WHAT THE TASK REQUIRES — Everything in the records must be restated exactly, apart from the pictures.

GIVEN RECORDS —
=== Begin Enclosure ===
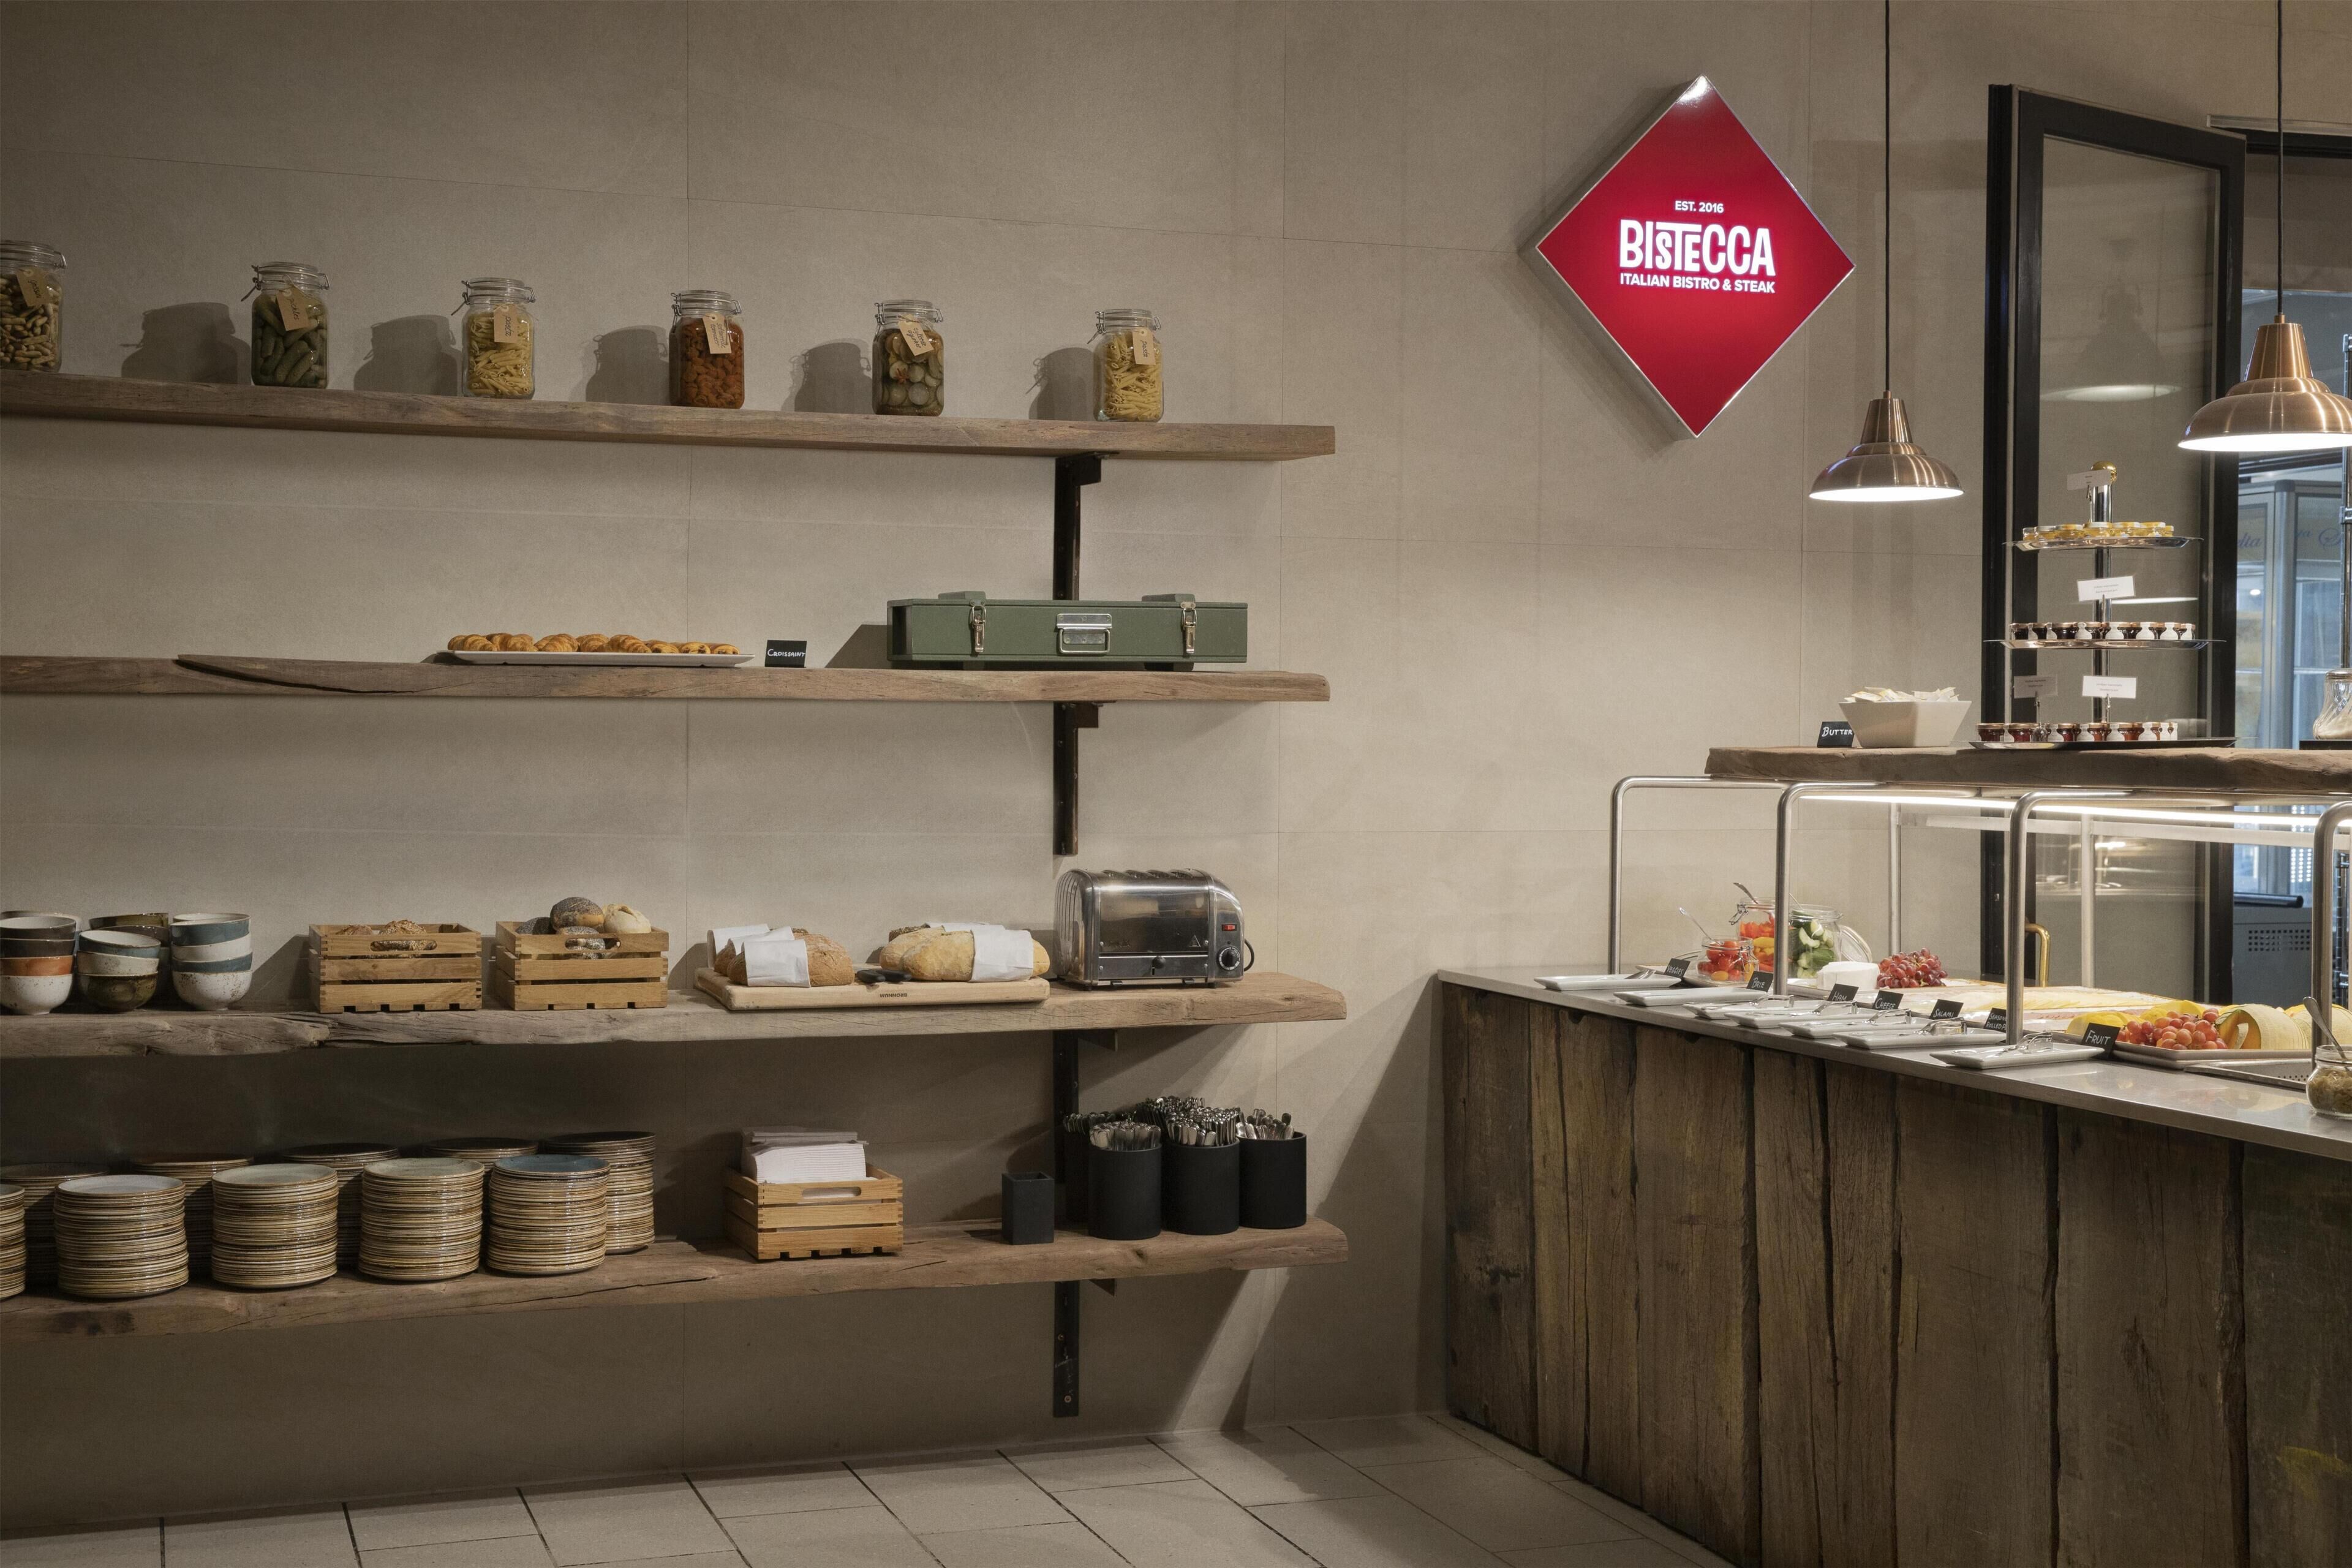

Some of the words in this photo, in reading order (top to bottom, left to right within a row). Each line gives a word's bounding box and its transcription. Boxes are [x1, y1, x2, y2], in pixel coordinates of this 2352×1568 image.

[1675, 200, 1697, 211] EST.
[1698, 202, 1724, 213] 2016
[1619, 219, 1776, 276] BISTECCA
[1620, 273, 1670, 287] ITALIAN
[1673, 276, 1720, 290] BISTRO
[1722, 278, 1732, 291] &
[1734, 279, 1776, 293] STEAK
[287, 298, 300, 320] pickles
[502, 314, 514, 337] pasta
[1140, 339, 1150, 358] pasta
[1822, 726, 1853, 737] BUTTER
[1667, 965, 1684, 976] VEGGIES
[1751, 977, 1765, 989] BRIE
[1832, 990, 1847, 1001] HAM
[1875, 998, 1896, 1009] CHEESE
[1933, 1008, 1954, 1018] SALAMI
[2085, 1030, 2111, 1045] FRUIT
=== End Enclosure ===
WORKED SOLUTION —
Some of the words in this photo, in reading order (top to bottom, left to right within a row). Each line gives a word's bounding box and its transcription. Boxes are [x1, y1, x2, y2], in pixel coordinates of this 2352×1568 image.

[1675, 200, 1697, 211] EST.
[1698, 202, 1724, 213] 2016
[1619, 219, 1776, 276] BISTECCA
[1620, 273, 1670, 287] ITALIAN
[1673, 276, 1720, 290] BISTRO
[1722, 278, 1732, 291] &
[1734, 279, 1776, 293] STEAK
[287, 298, 300, 320] pickles
[502, 314, 514, 337] pasta
[1140, 339, 1150, 358] pasta
[1822, 726, 1853, 737] BUTTER
[1667, 965, 1684, 976] VEGGIES
[1751, 977, 1765, 989] BRIE
[1832, 990, 1847, 1001] HAM
[1875, 998, 1896, 1009] CHEESE
[1933, 1008, 1954, 1018] SALAMI
[2085, 1030, 2111, 1045] FRUIT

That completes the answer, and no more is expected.